This is the year I can’t be bothered to do a “lose weight” resolution.
Normally, I don’t do resolutions in general. Can’t be bothered to try and keep them, and the moment I break them.
But every year, whether spoken or not, I always have “lose weight this year” bouncing about in the back of my head.
It’s something I fight. Because despite all of the things I’ve done in life, all the things I’ve overcome, all the things I’m working towards currently…it’s this damned resolution that rings in my ears every year.
Because if I can do it, I can be truly successful.
Let’s unpack that, shall we?
Over the last few years I have climbed the ladder at work, and won awards for doing that thing I do so well. This year I have decided to get my MFA in creative writing, and am completing applications in between my other projects. I hope to get a short story published this year. I’m branching out socially. I actually think I’m enjoying it even. I take pictures and I SMILE, for goodness’ sake!
None of that makes me successful, to my Diet-Mind. I’m still fat.
How sad, right?
Most of us fat folks have a Diet-Mind. The Diet-Mind is that voice that sits in the back of your head and speaks to you when you’re at your lowest moment. It convinces you that the problems you’re having will somehow go away if you lose weight. Typically, that isn’t how it works, but the Diet-Mind is pretty convincing. It gives us something to change, to fix, to hang on to when there’s nothing else tangible to blame. We shift it inward. And next to the deep part of your soul, in a dark cave, the Diet-Mind lurks. Waiting for the moment to strike.

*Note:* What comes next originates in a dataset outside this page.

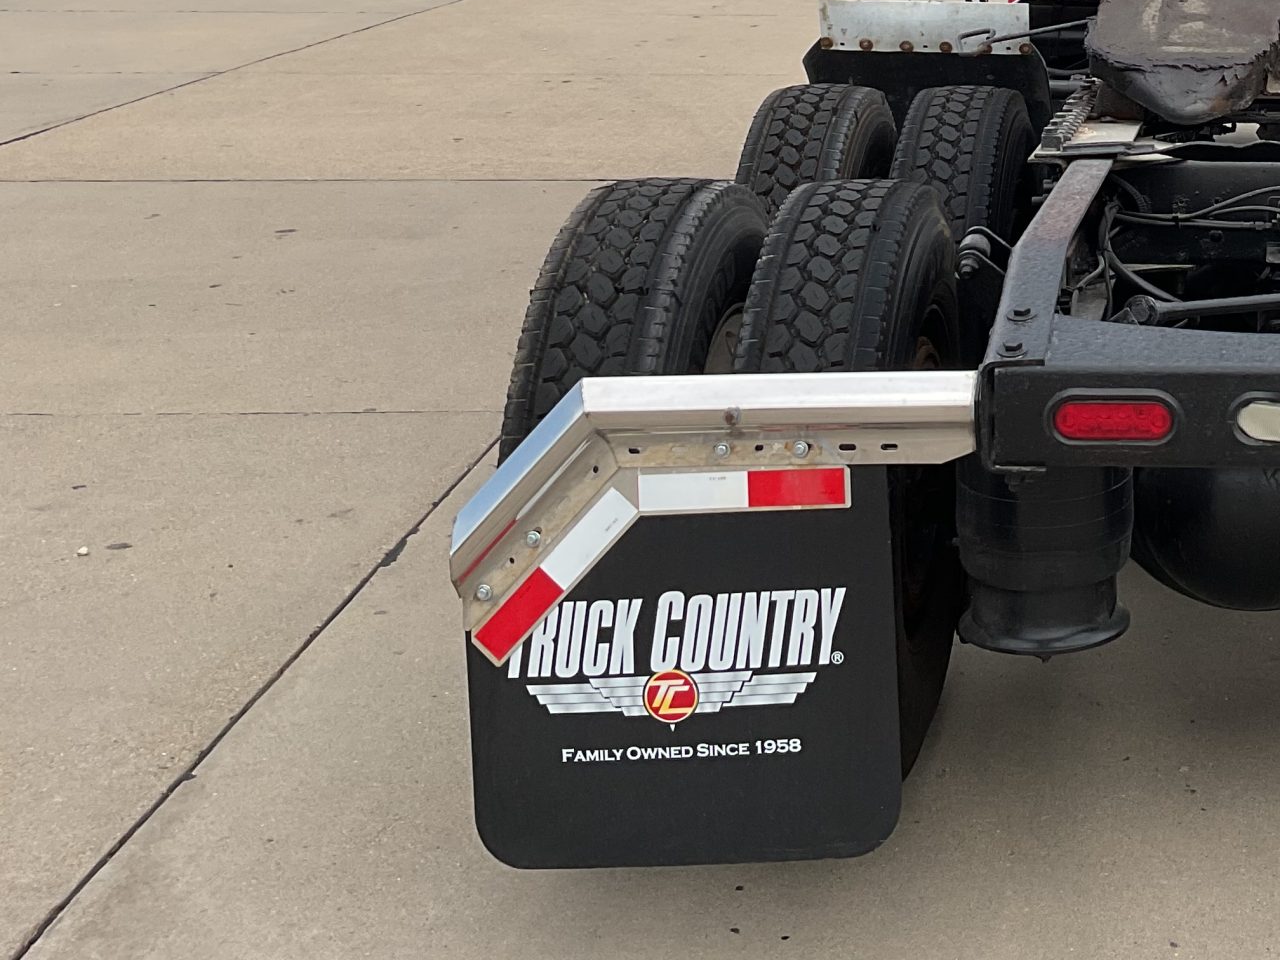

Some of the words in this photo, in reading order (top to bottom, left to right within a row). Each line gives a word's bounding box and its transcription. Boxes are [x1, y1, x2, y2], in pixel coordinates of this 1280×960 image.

[561, 747, 624, 763] FAMILY
[626, 745, 694, 761] OWNED
[696, 742, 750, 758] SINCE
[755, 738, 802, 754] 1958

Sometimes we give in to that Diet-Mind, the harpy. Polishing its delicate claws, the Diet-Mind seeks to needle its way into our delicate psyche. We can’t be happy with our myriad of accomplishments.

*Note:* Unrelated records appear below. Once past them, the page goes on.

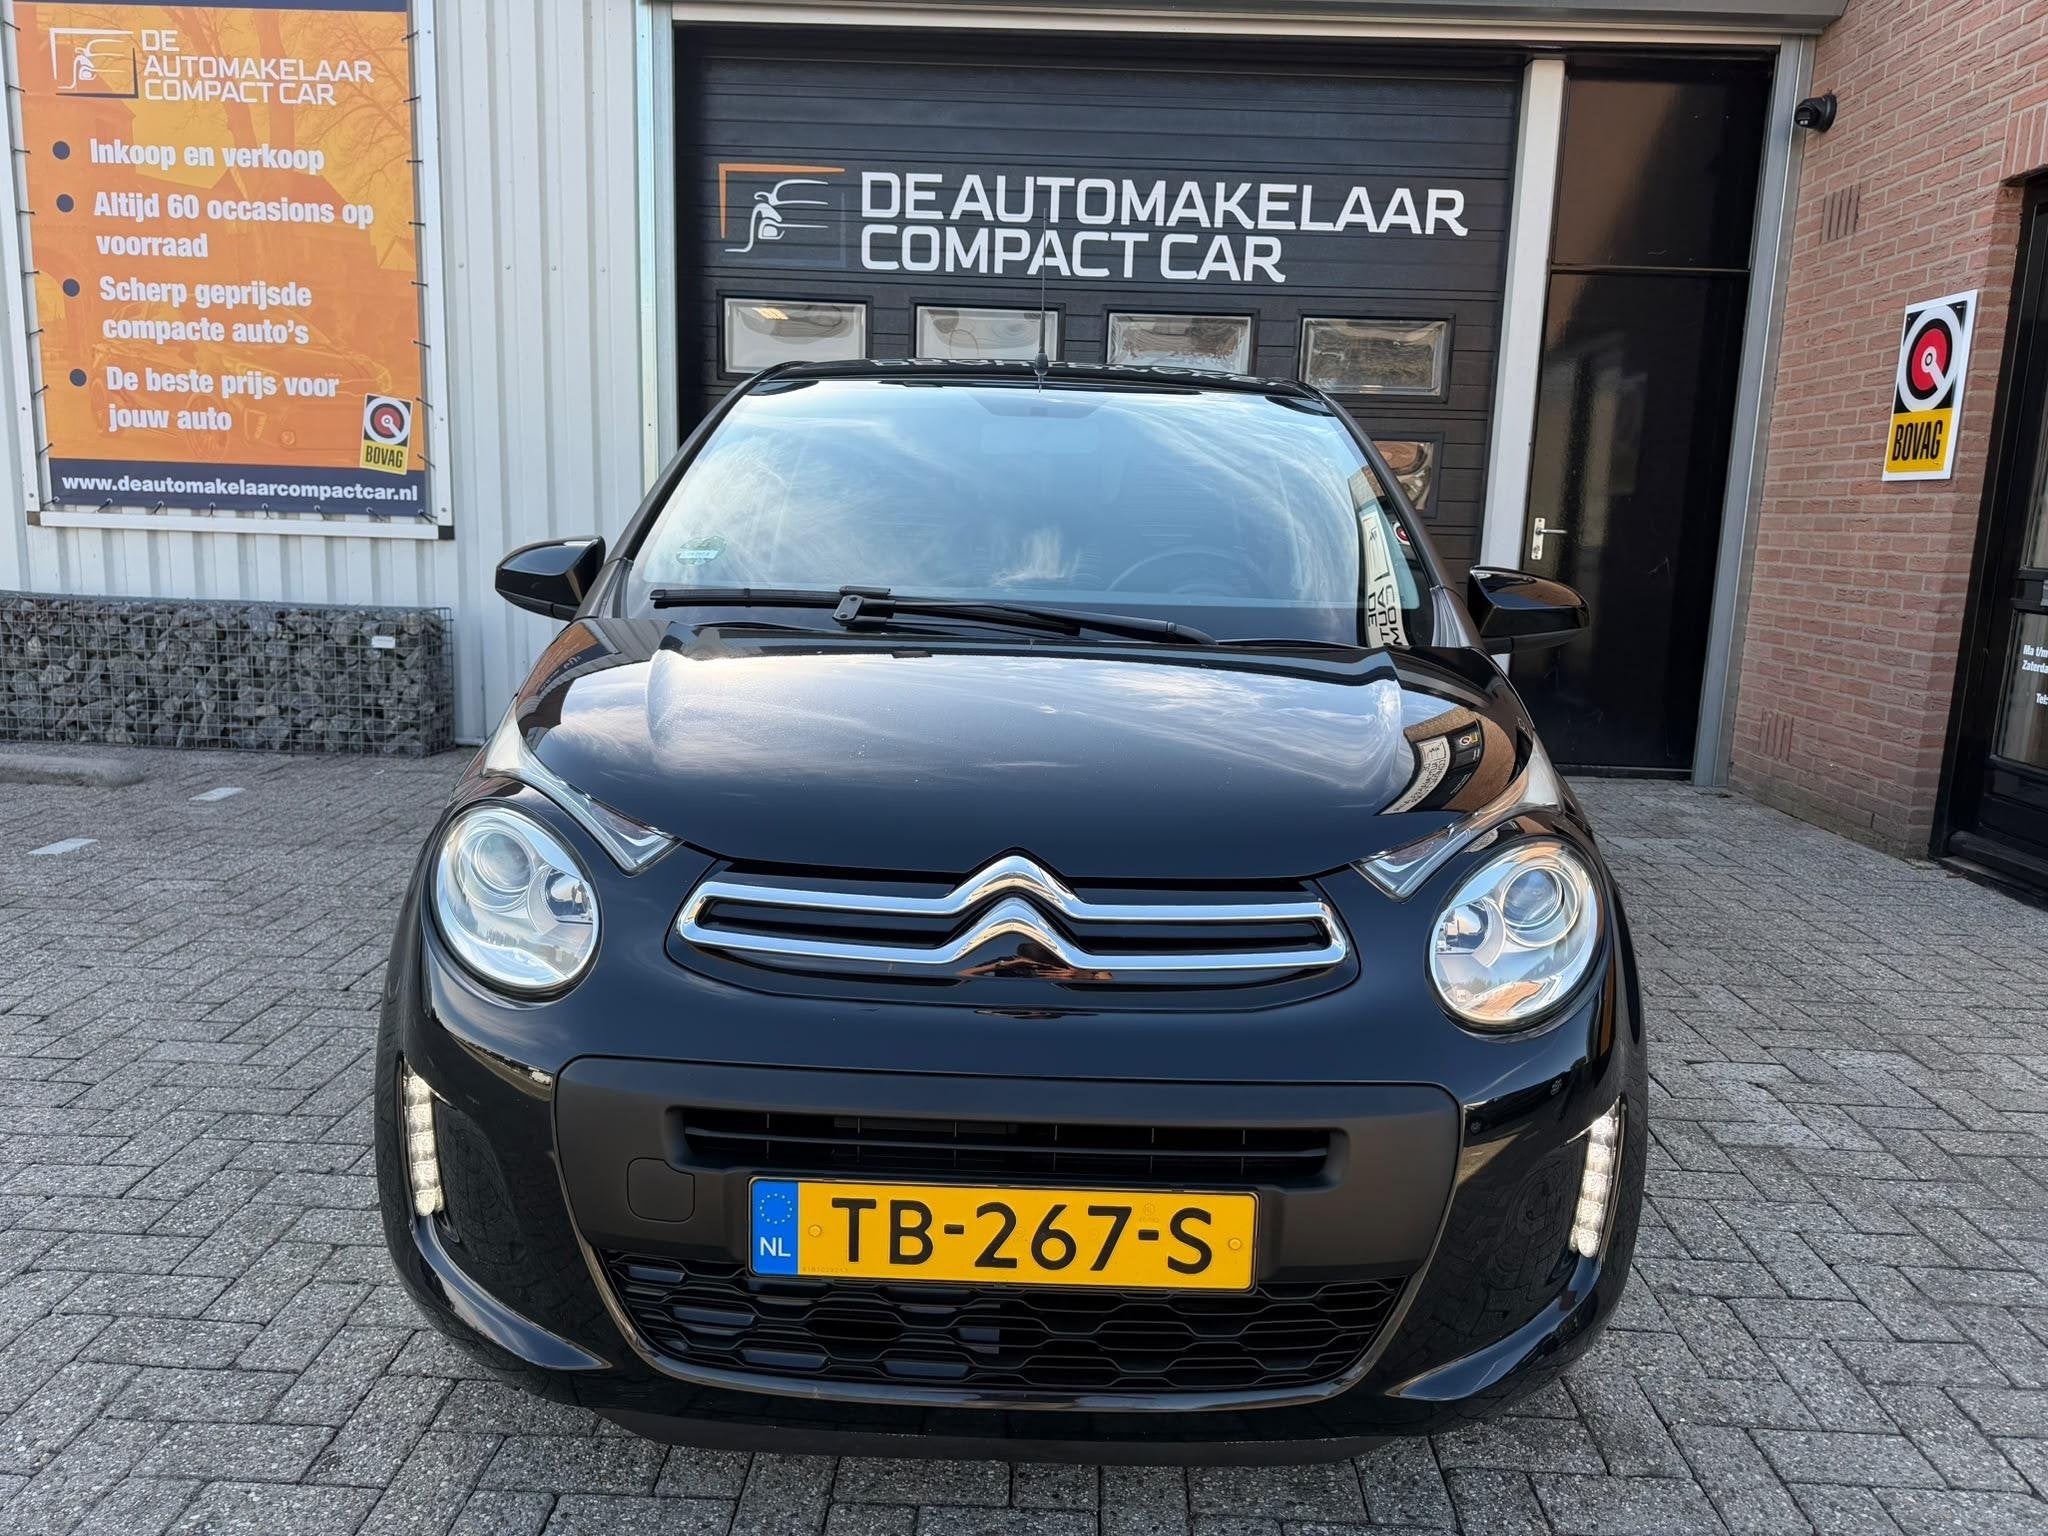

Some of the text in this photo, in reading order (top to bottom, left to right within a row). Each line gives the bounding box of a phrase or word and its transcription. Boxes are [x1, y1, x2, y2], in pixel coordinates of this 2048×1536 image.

[141, 30, 179, 52] DE
[144, 56, 375, 83] AUTOMAKELAAR
[144, 79, 337, 106] COMPACT CAR
[90, 138, 325, 176] Inkoop en verkoop
[94, 192, 375, 230] Altijd 60 occasions op
[862, 172, 1469, 238] DE AUTOMAKELAAR
[96, 233, 208, 258] voorraad
[860, 225, 1287, 285] COMPACT CAR
[100, 276, 312, 310] Scherp geprijsde
[103, 317, 309, 344] compacte auto's
[106, 367, 339, 399] De beste prijs voor
[109, 404, 232, 432] jouw auto
[1891, 420, 1943, 461] BOVAG
[365, 445, 404, 468] BOVAG
[62, 474, 418, 501] www.deautomakelaarcompactcar.nl
[2023, 644, 2034, 656] Ma
[760, 1237, 791, 1258] NL
[831, 1197, 1213, 1275] TB-267-S

I finally made it into Headstand! Diet-Mind: Doesn’t matter. Your belly hangs.
I made it to the end of the trail. I’m not even out of breath! Diet-Mind: But your thighs rub together though. Ew.
This outfit came together perfectly! I look amazing, and I feel— Diet-Mind: fat. You feel fat, hon. Because you are.
The Diet-Mind seeks to undermine our self confidence at every turn. No celebrating, because at every turn, we’re reminded that we are fat.
As if we didn’t see that in the mirror this morning.
Bit by bit, the Diet-Mind whispers into our ears about how we’d really look fabulous if we dropped about 20lbs. Think of the inversions you could make! The trails you could hike! You can’t do that now. You’re fat. You’ll embarrass yourself. Listen, how about you wait until you’re not overweight, ok? Let’s work on that first. Then you can hike, and do yoga, and dress properly. Come on, now. Be realistic.
The Diet-Mind is negativity incarnate.
I’ll pause here to say–sometimes, for some people, the Diet-Mind is a kind soul. It helps some of us get to the next level, to make a good decision for our health. For some people, the Diet-Mind is a life saver.
For others, quite a few of us, including me, the Diet-Mind seeks to destroy us from the inside. It wraps itself around our self worth, our confidence, our core well being and strangles what bit of positive thinking we have. If it isn’t our Diet-Mind being horrid, it’s someone else’s Diet-Mind telling us: hey, look, it can be done! She fixed herself. You can do it to! What’s your excuse? Or even still: I worry about you. Won’t you work on this? For me?
But…I’m not broken. I’m just fat. How can my fat bother you, exactly? I live in my body, you live in yours. Let me be happy in my body, you be happy in yours.
If I’m looking to lose anything this year, it’s the Diet-Mind. It knows when to rear its ugly head, normally when I’m at my highest stress level, and tries to convince me the way to serenity is losing 70lbs.
But being smaller won’t get my paperwork done, though. It won’t get this manuscript written or proofed. It won’t get me clients. It won’t improve my makeup skills. Won’t change my style–I’m already fierce.
What my Diet-Mind actually gets me is lower self esteem and lower confidence. It makes me think I’m not worthy of companionship, and that me being fat is why.
And absolutely none of that is true.
If I had to make a resolution this year, and call it a resolution, it would be this: to love myself more. To be kinder to myself. To accept myself in all of my flaws and failings, and to recognize that all of these come together to make this person. That makes ME. And loving myself as I am, in this body, is OK. Yes, it’s a radical act, but it’s mine to make, and I do so proudly.
Diet-Mind, you are no longer free to take up residence in my brain. Begone!